The molecular mass 586 Da assigned for both the compounds corresponding to peaks 4 (20.06 min) and 6 (20.71 min) could be inferred by the fragment at m/z 571 that results from the loss of a methyl group. They also presented similar fragmentation patterns, highlighting the significant relative abundance of the ion [M - HOTMS]+ at m/z 496, which is the MS base peak for compound 6. The C*DE fragment was deduced from the ion at m/z 216 [C*DE - HOTMS]+. This fragment is commonly observed in triterpenoid moieties bearing a CH2OTMS group in C(17).21 The ion at m/z 279 (189 + HOTMS) was identified as the ABC* fragment (Figure 1). These data clearly suggest these structures as diol isomers bearing hydroxyl groups in each main rDA fragment (Figure 1). Differentiation between the isomers, as supported by the relative abundances of the fragments at m/z 216 and 496, led to establish the peak 4 as olean-12-ene-3,28-diol (erythrodiol) and peak 6 as urs-12-ene-3,28-diol (uvaol).21 Additionally, this conclusion is supported by the fact that oleanenes elute before the ursene isomers in GC non-polar stationary phase.23

The MS of peak 5 (20.71 min) showed m/z 73 as the base peak and molecular weight confirmed as 648 Da by the ion [M-CH3]+ at m/z 633. The high similarity of its fragmentation pattern with that observed for peak 6 points toward an ursane-type structure. Losses of 90, 118 and 152 Da from the M+ suggested the presence of HOTMS and HOOCTMS groups, plus one additional substituent. The observed ion at m/z 216 (23%) corresponds to a common C*DE fragment [C*DE - CH2OTMS]+ in triterpenoids bearing a CH2OTMS group.22 Together, these data strongly suggested 5 as having the ursane scaffold, although its complete structural characterization is not conclusive.
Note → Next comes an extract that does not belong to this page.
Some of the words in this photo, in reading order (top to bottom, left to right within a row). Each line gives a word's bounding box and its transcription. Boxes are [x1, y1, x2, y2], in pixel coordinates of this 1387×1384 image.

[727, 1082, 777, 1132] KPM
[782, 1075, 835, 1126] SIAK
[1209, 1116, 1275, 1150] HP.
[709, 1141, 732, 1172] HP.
The compounds corresponding to peaks 7 (21.03 min) and 8 (21.19 min) showed molecular ions at m/z 586 and 526, respectively. The fragments at m/z 189 and 203 and their relative abundances indicated the lupane structure with unsaturated side chains. The MS of 7 present the fragment ion relative to the loss of HOTMS group at m/z 496. Such information was confirmed by the presence of the ions at m/z 306 (203 + CH2OTMS) and 279 (189 + HOTMS) related to the C*DE and ABC* fragments, respectively. Thus 7 was identified as lup-20(29)-ene-3,28-diol, known as botulin. In the MS of 8, the C*DE fragment at m/z 320 indicated the presence of a silylated ester group in C-17. In addition, the ABC* fragment at m/z 205 strongly indicated a ketone in C-3.18 Thus, 8 could be identified as 3-oxo-lup-20(29)-en-28-oic acid, known as betulonic acid. This is the first report of this compound in Eugenia species.
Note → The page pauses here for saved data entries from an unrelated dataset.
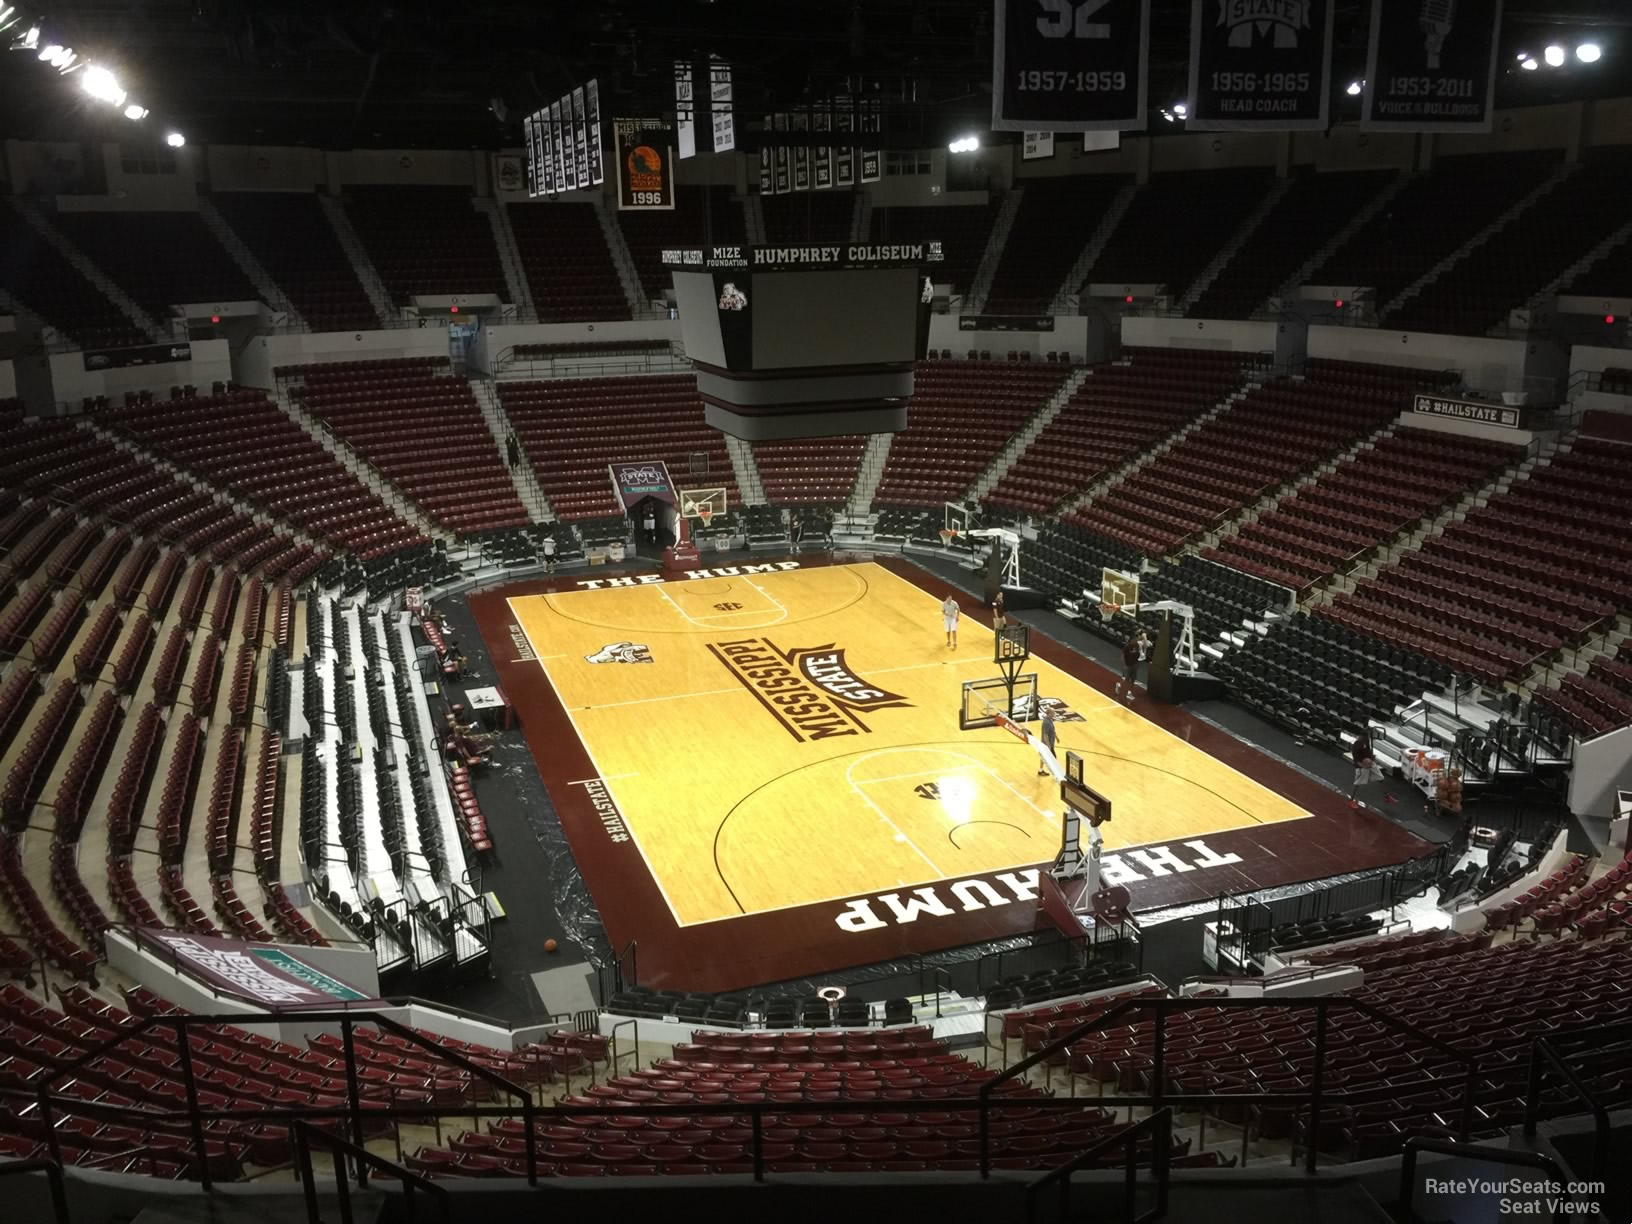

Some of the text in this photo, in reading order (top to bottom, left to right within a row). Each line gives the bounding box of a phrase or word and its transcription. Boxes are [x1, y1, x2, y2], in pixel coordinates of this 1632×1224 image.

[1233, 0, 1295, 21] STATE
[1018, 70, 1126, 91] 1957-1959
[1211, 71, 1310, 92] 1956-1965
[1388, 77, 1473, 97] 1953-2011
[1220, 99, 1297, 112] HEAD COACH
[1379, 101, 1413, 115] VOICE
[1423, 102, 1480, 116] BULLDOGS
[632, 192, 662, 205] 1996
[706, 259, 748, 267] FOUNDATION
[713, 247, 741, 259] MIZE
[754, 245, 923, 264] HUMPHREY COLISEUM
[1433, 403, 1498, 421] #HAILSTATE
[577, 561, 801, 590] THE HUMP
[713, 602, 744, 611] SEC
[805, 653, 886, 701] STATE
[717, 638, 860, 742] MISSISSIPPI
[583, 780, 630, 843] #HAILSTATE
[835, 839, 1245, 933] THE HUMP
[158, 935, 299, 1003] MISSISSIPPI
The MS spectrum of peak 11 (22.87 min) showed a molecular ion at m/z 512. The fragment ion at m/z 483 (loss of 29 Da) indicated an aldehyde group located in C*DE as revealed by loss of COH from m/z 232 to generate the fragment at m/z 203. In addition, the fragment at m/z 422 indicated the loss of a hydroxy group localized in the ABC* fragment (m/z 279). Thus 11 was identified as betulinaldehyde. This is the first report of betulinaldehyde in Eugenia species.
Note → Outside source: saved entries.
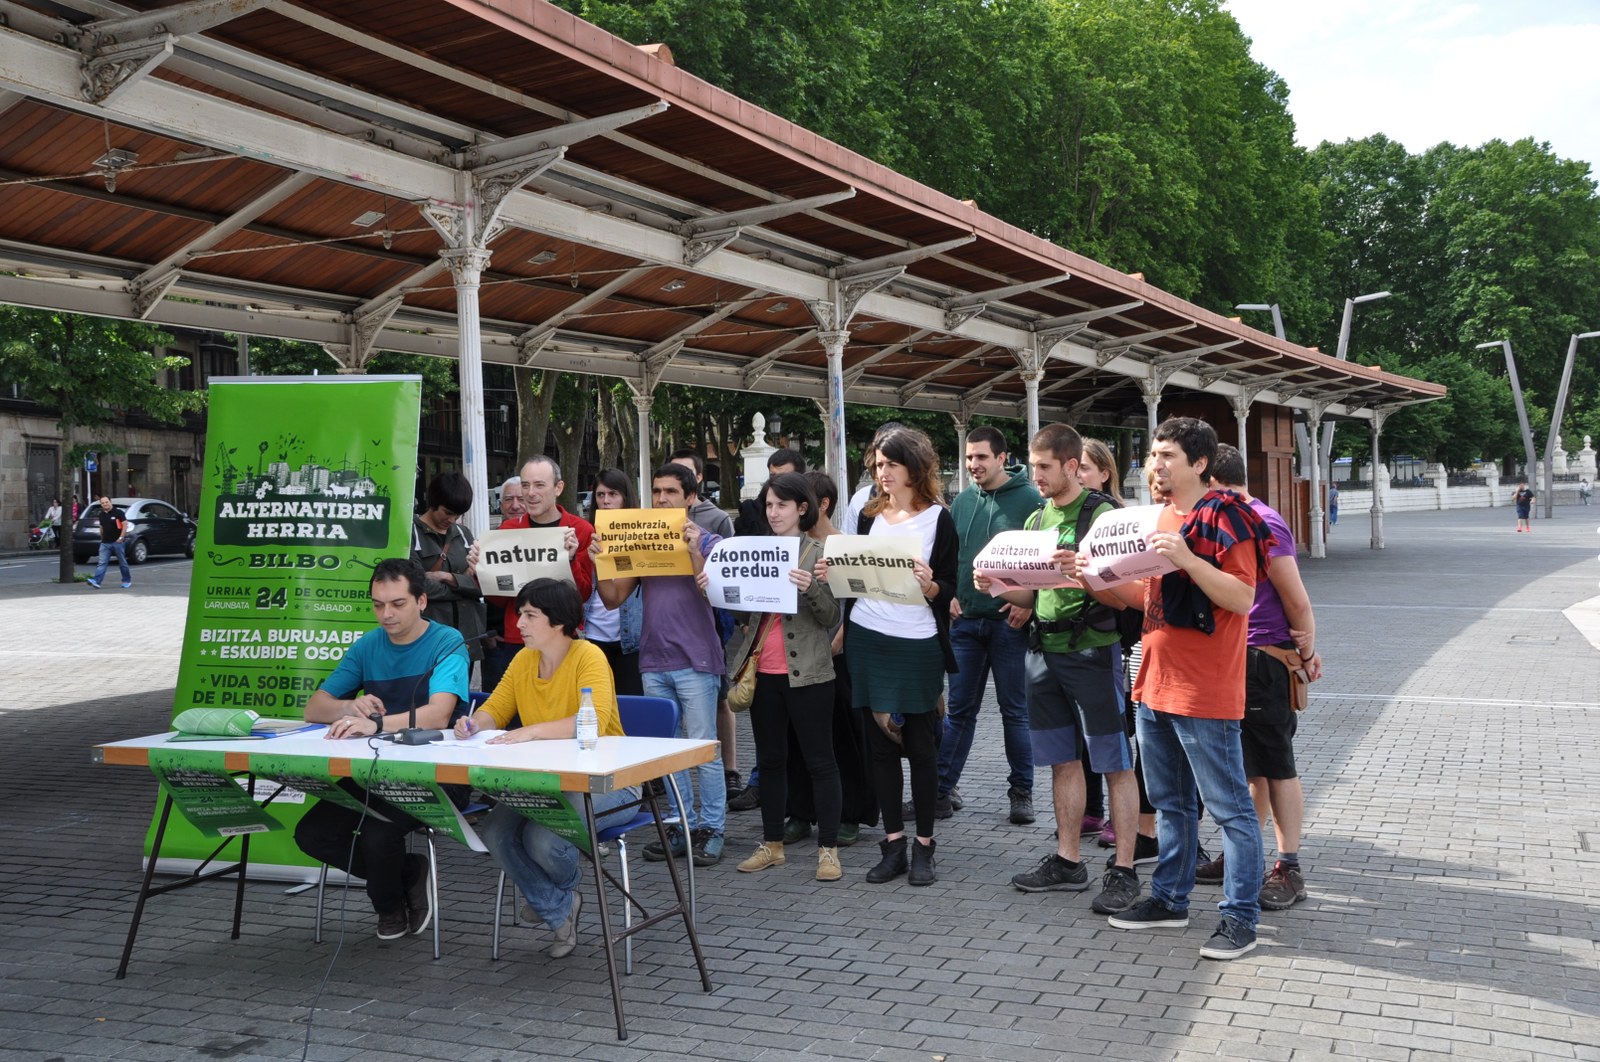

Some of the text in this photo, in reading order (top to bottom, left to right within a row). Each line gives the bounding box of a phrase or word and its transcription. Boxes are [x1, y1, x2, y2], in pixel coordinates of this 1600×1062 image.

[219, 502, 385, 520] ALTERNATIBEN
[247, 523, 348, 540] HERRIA
[609, 520, 670, 530] demokrazia,
[1094, 521, 1140, 539] ondare
[601, 531, 680, 542] burujabetza eta
[485, 545, 558, 565] natura
[608, 542, 674, 554] partehartzea
[710, 546, 789, 563] ekonomia
[991, 545, 1040, 556] bizitzaren
[1090, 538, 1147, 558] komuna
[248, 553, 341, 571] BILBO
[826, 553, 915, 569] aniztasuna
[976, 558, 1056, 571] iraunkortasuna
[721, 562, 779, 578] eredua
[207, 586, 372, 610] URRIAK 24 DE OCTUBRE
[204, 601, 352, 613] LARUNBATA SÁBADO
[200, 629, 262, 643] BIZITZA
[220, 645, 350, 661] ESKUBIDE OSO
[210, 674, 250, 689] VIDA
[192, 690, 312, 708] DE PLENO DE
The MS spectrum of peak 13 (24.86 min) showed m/z 73 as base peak and m/z 189 as the second more abundant ion suggesting that this compound may have a silylated Δ12-lupene-type skeleton. The M+ could be deduced as 602 Da from the fragment [M - CH3]+ at m/z 587. The ions at m/z 512 and m/z 484 correspond to the loss of TMSOH and COOTMS groups, respectively, hence confirming the derivatized hydroxyl and carboxyl groups in the molecule. The fragment C*DE (m/z 320) indicated a COOTMS group in this part of the molecule, whilst the ion at m/z 559 originated from the loss of 43 Da possibly corresponding to C3H7 or C2H3O. The low relative intensity of this fragment, and the absent of the ion at m/z 191 excluded the possibility of a lupane skeleton with a saturated side chain (C3H7).20 The fragment ABC* at m/z 279, confirmed a presence of the OTMS group. Therefore, this compound was identified as 3-hydroxy-20-oxo-30-nor-lupan-28-oic acid, known as platanic acid.

The compound corresponding to the peak 14 (25.19 min) showed the base peak at m/z 203 and ions at m/z 73, 320 and 189 in decreasing relative abundance. Combined, these data suggested this compound to be a Δ12-ursene-type.13 The M+ was determined as 688 Da from the fragment [M - CH3]+ at m/z 673. The fragments at m/z 598 and m/z 570 correspond to the loss of TMSOH and HCOOTMS, respectively, as expected from the presence of at least one derivatized hydroxyl group and one carboxyl group. The ion at m/z 367 corresponds to ABC* rings with two silylated hydroxy groups. The ion at m/z 320 was assigned as belonging to the C*DE fragment with a silyl ester group located in C-17.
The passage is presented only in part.